Llegados a este punto, algunos de ustedes se estarán preguntando por qué motivo sigue afiliado --y pagando-- mi amigo. Creo que los que se lo preguntan conocen poco Cataluña. La razón es sólo una: por pura supervivencia. Se lo aconsejó su padre --funcionario trasladado a Cataluña, tardó poco en entender los tejemanejes del poder en este lugar-- recién terminados los estudios universitarios: "Con tu título y un carné de Convergència, se te van a abrir todas las puertas", vino a decirle. Y así fue, en seguida consiguió un trabajo bueno, estable y bien remunerado. Méritos no le faltan, es un gran profesional de lo suyo, lo que ocurre es que ser solamente un buen profesional, de poco sirve en Cataluña.

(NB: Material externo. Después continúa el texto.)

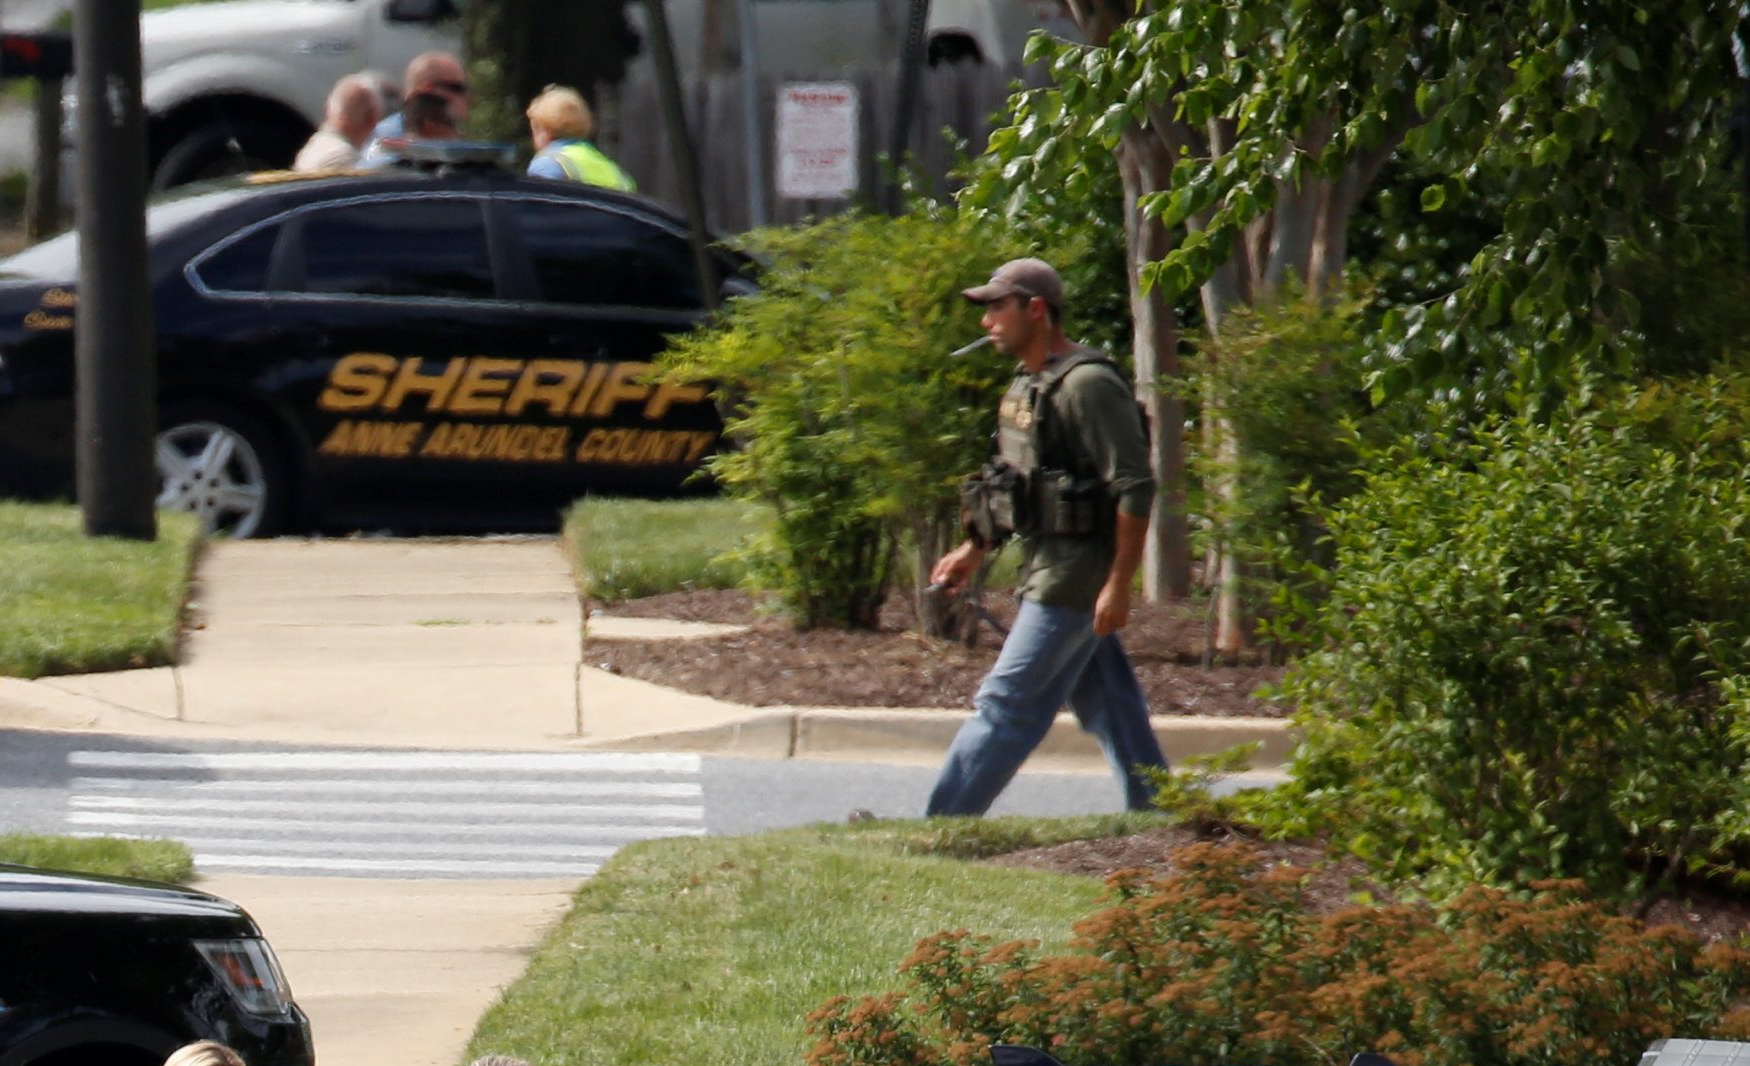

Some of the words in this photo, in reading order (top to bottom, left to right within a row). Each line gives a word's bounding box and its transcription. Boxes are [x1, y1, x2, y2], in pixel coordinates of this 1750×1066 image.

[317, 352, 709, 420] SHERIFF
[317, 419, 427, 458] ANNE
[419, 421, 573, 463] ARUNDEL
[576, 427, 718, 464] COUNTY

Ahora bien: con 30 años de carrera profesional a sus espaldas, ¿qué sentido tiene continuar pagando la mordida, teniendo presente --repito-- que no comulga en absoluto con la ideología de su partido?

"Mira, he pensado que la vejez es muy jodida y seguramente ser del partido (sic) me facilitará tener acceso a una residencia" afirmó. Y ante mi cara de sorpresa, añadió: "Quieras que no, aquí Convergència seguirá siempre teniendo mano en todos los asuntos".

Mi amigo, ya ven, sigue llamando Convergència a Convergència, en el fondo es un romántico. Pero además de romántico, es precavido. Si "el partido" contribuyó en su tránsito por la vida, lógico es que colabore también en su tránsito hacia la muerte, que eso y no otra cosa es la residencia geriátrica. Si su padre acertó en que el carné le abriría todas las puertas, no veo por qué no deberían incluirse en ello las del geriátrico, cuando toque. No me habló de ello --lagarto, lagarto-- pero, conociéndole, sé que confía también en que en la siguiente y última estación, el carné convergente le rinda un último favor y tenga un entierro arregladito, quizás con una corona "del partido" al que tanto habrá dado.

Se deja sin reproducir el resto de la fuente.